I became a parent in 2005, and after my maternity leave, I went back to work part-time. I chose Mondays, Wednesdays and Thursdays because I had regular meetings on those days. My daughter and I spent Tuesdays together doing errands, socializing and participating in a toddler playgroup at my treasured Watertown Family Network. As she grew, my in-laws came to relieve me for a few hours on Tuesdays so I could get a break from one, and then two, small children.

In 2010, my older daughter started kindergarten and we had a new routine. As any parent in the Newton Public School system can tell you, elementary schools close 2.5 hours early every Tuesday.

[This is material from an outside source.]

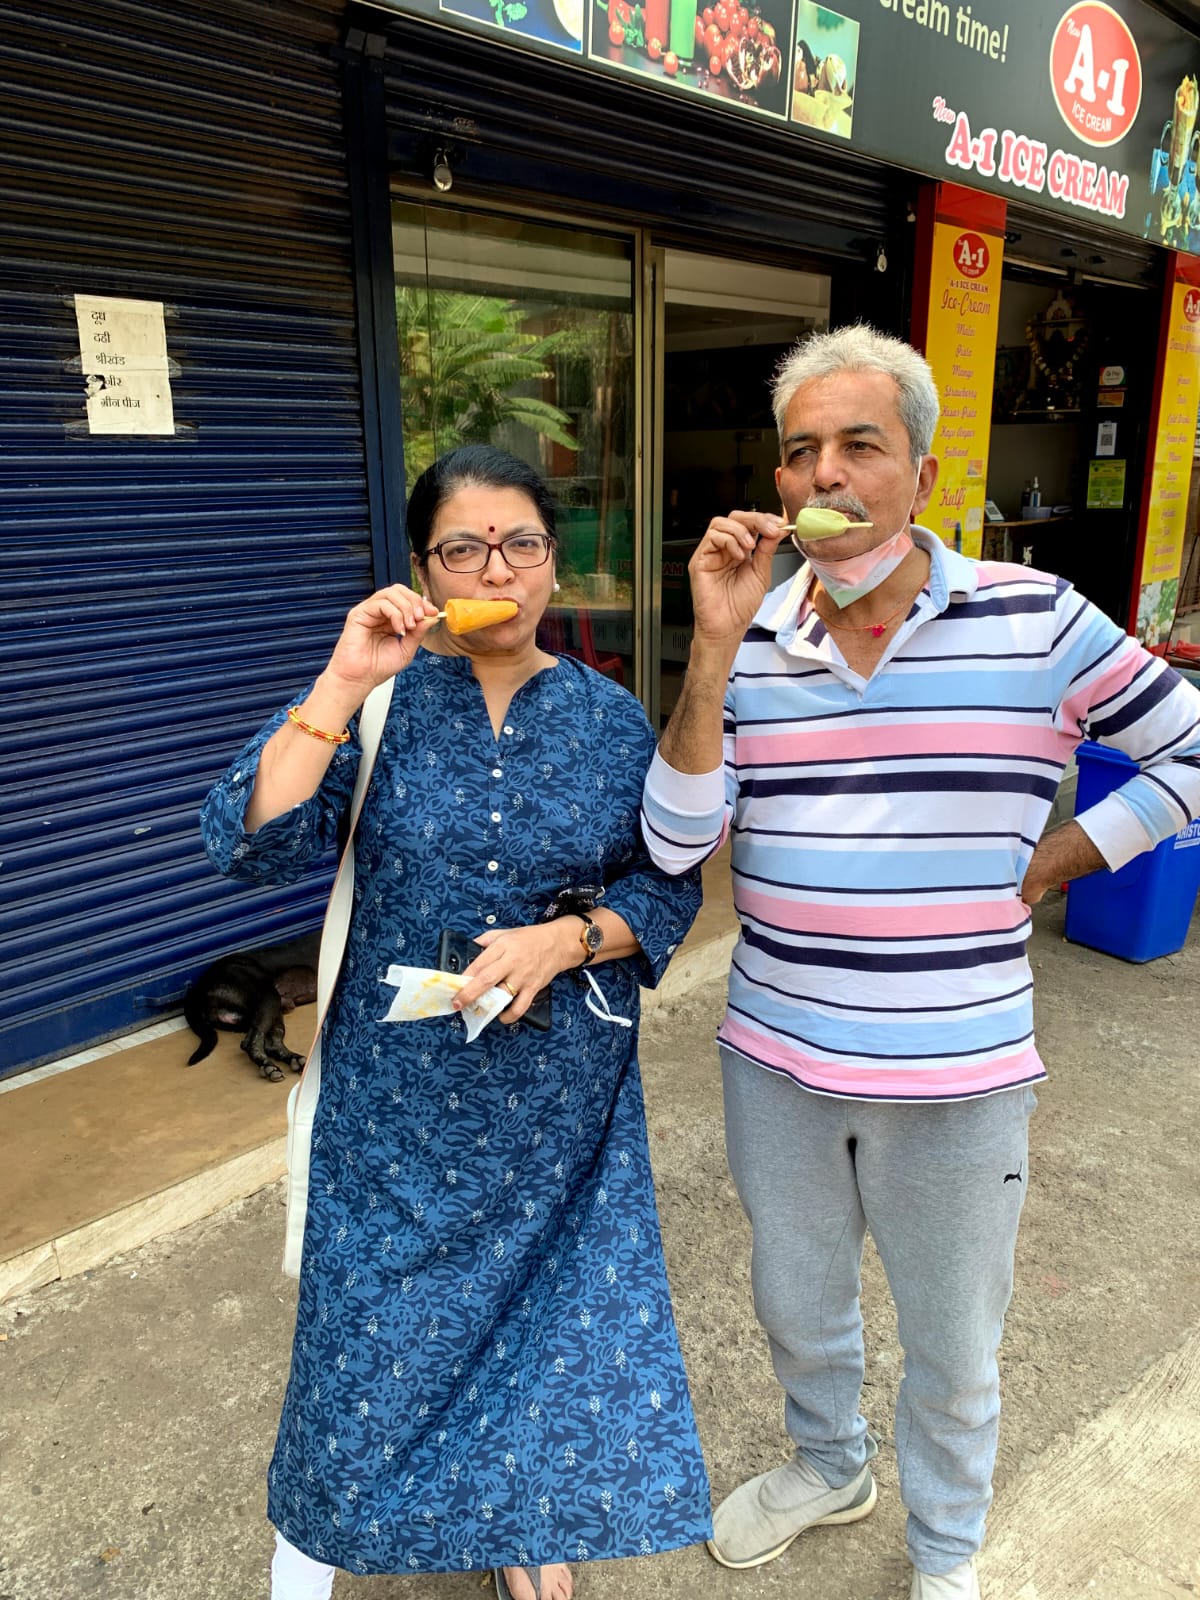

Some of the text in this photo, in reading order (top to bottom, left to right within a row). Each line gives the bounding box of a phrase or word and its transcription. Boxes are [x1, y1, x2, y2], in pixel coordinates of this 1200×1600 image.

Educators love this as it builds in time for teacher development, but it can be very difficult for working parents. I empathized with my fellow parents, but since I was already caring for my younger daughter on Tuesdays, it wasn’t a hardship picking up my older one at 12:30.

The years went by pretty much like this; I switched jobs a few times but mostly was able to keep the same schedule. My younger daughter started kindergarten in 2013, and shortly after that I started working for Parenting Through a Jewish Lens at Hebrew College. I set my hours to include Tuesday mornings in order to overlap with another colleague’s part-time schedule. I’d periodically grumble about ending my work day at noon, frustrated to leave just as I was catching my stride, but often it felt like a treat to spend the afternoon with my sweet girls.

But this year it’s different—my younger child started middle school, with Tuesday pickup at 2 p.m. So now I have 90 more minutes to myself, something I’d eagerly anticipated, but a change that also brought up feelings of loss.

Last spring, it dawned on me that Tuesday lunches with my younger child were coming to a close, so I tried to make them extra fun. Ironically, this was just at the point at which my 11-year-old was getting more independent. I knew she enjoyed our time together, but I also knew she would have happily had more playdates or screen time.

This reminds me of one of the simplest yet most important lessons from the Parenting Your Tween Through a Jewish Lens program: children change, and it’s OK to miss how things were. Nostalgia can be a gift. Another key lesson from the class was tzimtzum, the idea of contracting. In Parenting Jewish Teens: A Guide for the Perplexed, Joanne Doades writes, “As parents we need to engage in tzimtzum, to pull back in order to provide our children with space in which they can grow.” So I’m now thinking about these extra 90 minutes as a signpost that my children are in a new chapter; childhood is wrapping up and they’re deeply ensconced in adolescence.

And an insight: Their growth also makes more space for me. In some ways, I could see these extra 90 minutes as a prize for my perseverance, for arriving at an age where they need me less, at least physically. I can step back and reflect on the fruits of my labors of countless pick-ups and lunches and play dates and playgrounds and, well, parenting.

So, I am saying a Shehecheyanu blessing for reaching this milestone, a small yet powerful marker of how the children have grown. What will I do with this bonus time? I could be productive and catch up on work, exercise, clean…or I can rejuvenate—take a slow walk, connect with friends, journal or read. The possibilities are endless. Whatever I do, I’ll try to relish it, to see it as a gift in this new phase of my parenting life.